DATA FOR THIS TASK:
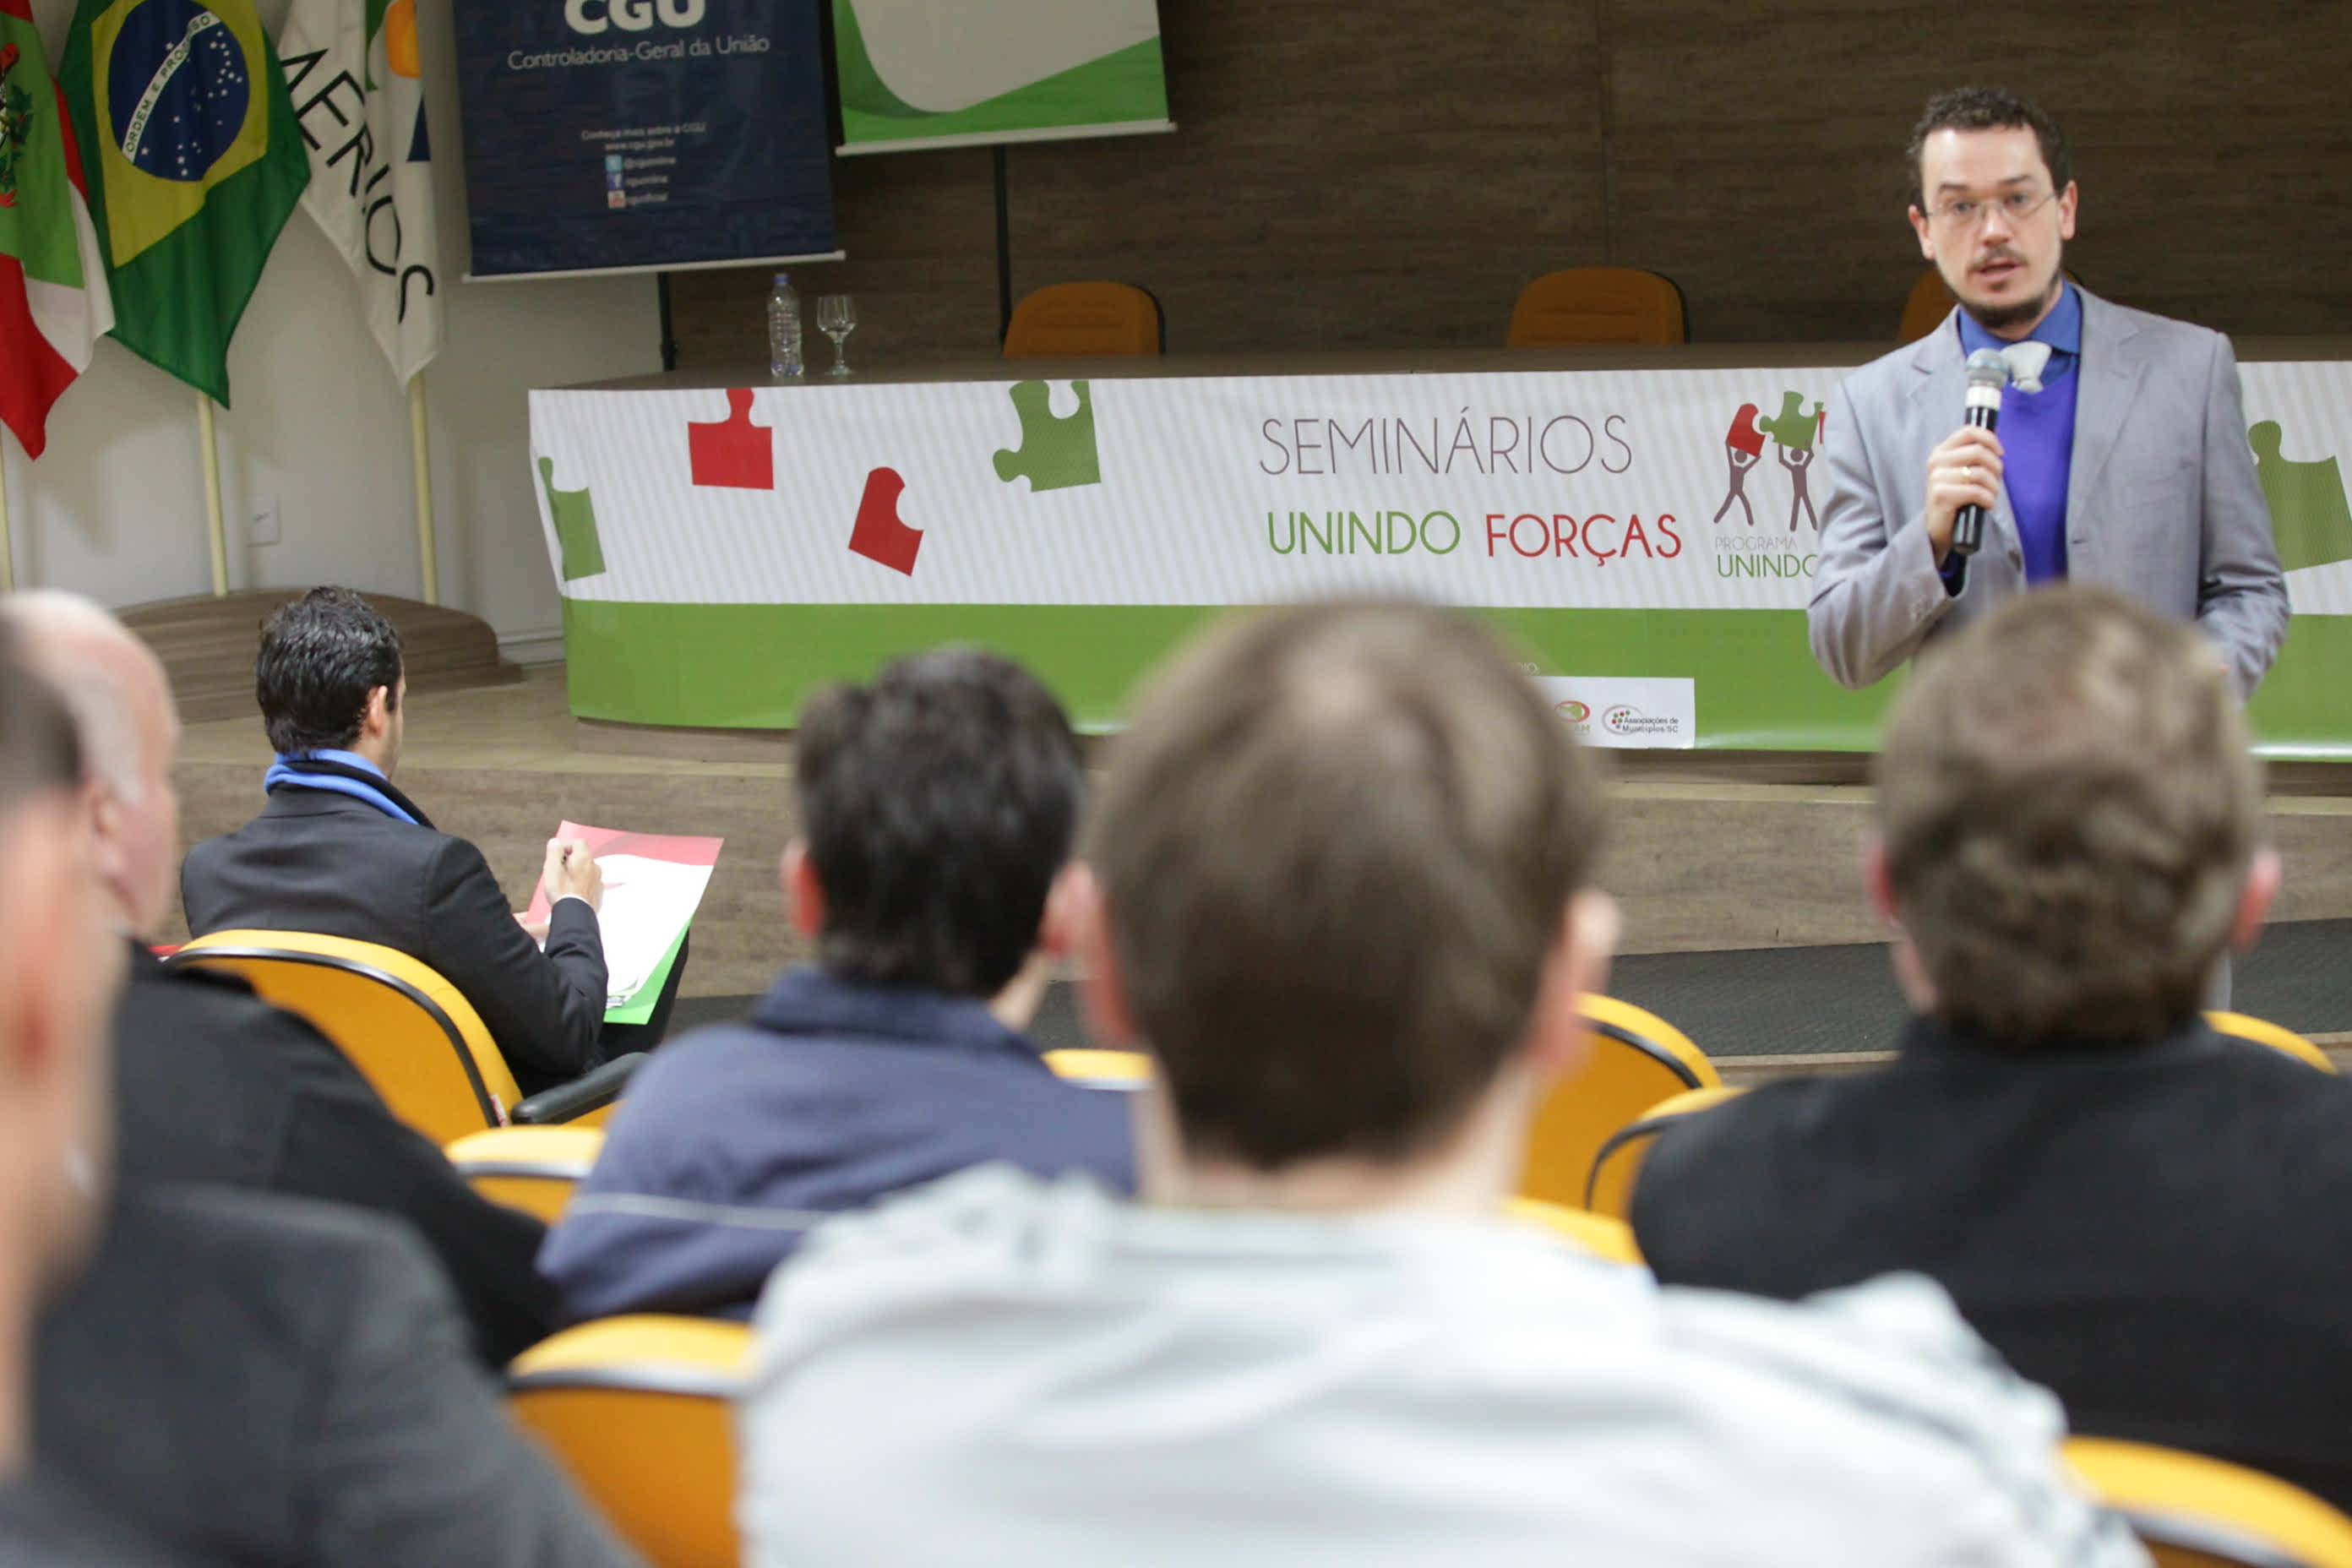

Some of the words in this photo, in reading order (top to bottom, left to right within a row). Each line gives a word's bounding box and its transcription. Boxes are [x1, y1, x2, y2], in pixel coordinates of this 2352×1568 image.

[564, 0, 705, 35] CGU
[508, 41, 685, 69] Controladoria-Geral
[689, 40, 711, 57] da
[716, 35, 770, 55] União
[126, 99, 151, 152] ORDEM
[1260, 406, 1632, 475] SEMINÁRIOS
[1267, 510, 1461, 555] UNINDO
[1485, 514, 1681, 567] FORÇAS
[1715, 536, 1798, 551] PROGRAMA
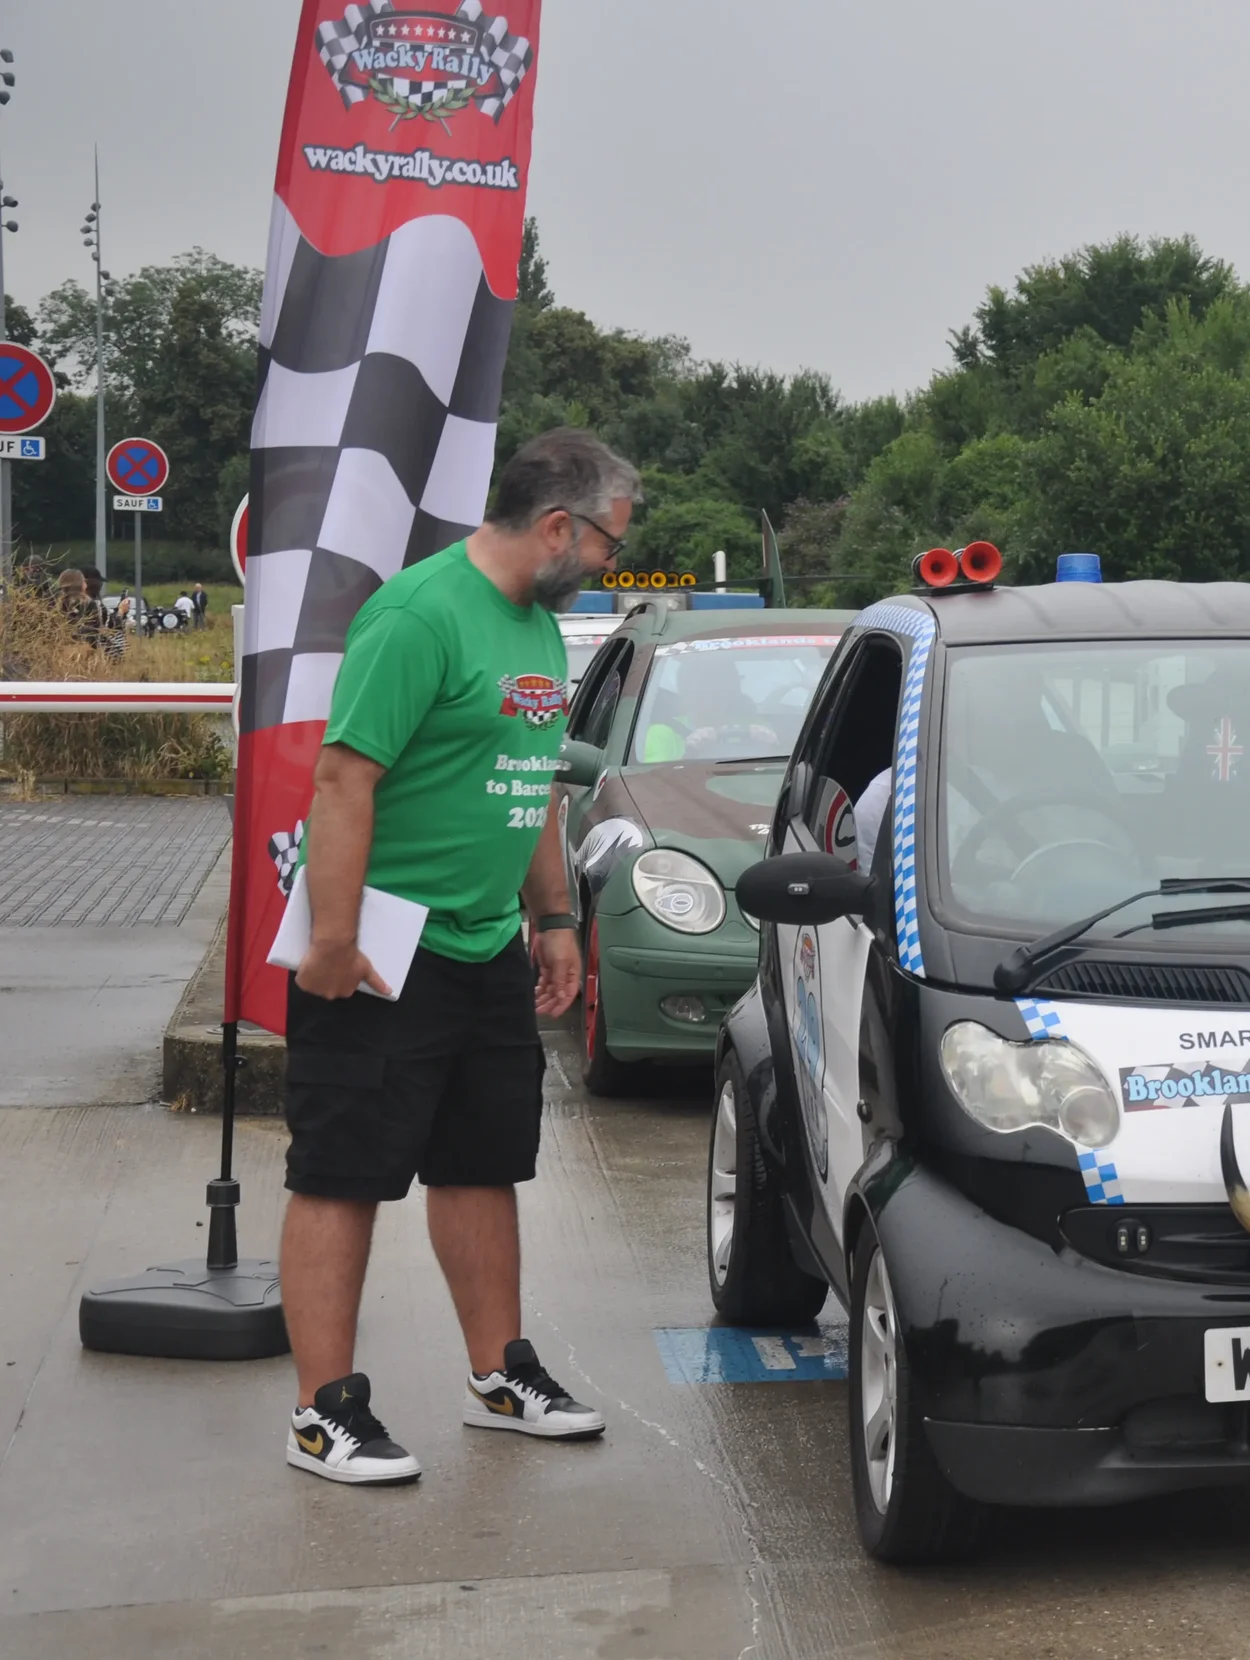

WORK INSTRUCTIONS: A faithful, word-for-word copy of the records above, pictures left out, is the answer.

SOLUTION BELOW:
Some of the words in this photo, in reading order (top to bottom, left to right within a row). Each line gives a word's bounding box and its transcription. Boxes are [x1, y1, x2, y2], in pixel coordinates of this 2352×1568 image.

[564, 0, 705, 35] CGU
[508, 41, 685, 69] Controladoria-Geral
[689, 40, 711, 57] da
[716, 35, 770, 55] União
[126, 99, 151, 152] ORDEM
[1260, 406, 1632, 475] SEMINÁRIOS
[1267, 510, 1461, 555] UNINDO
[1485, 514, 1681, 567] FORÇAS
[1715, 536, 1798, 551] PROGRAMA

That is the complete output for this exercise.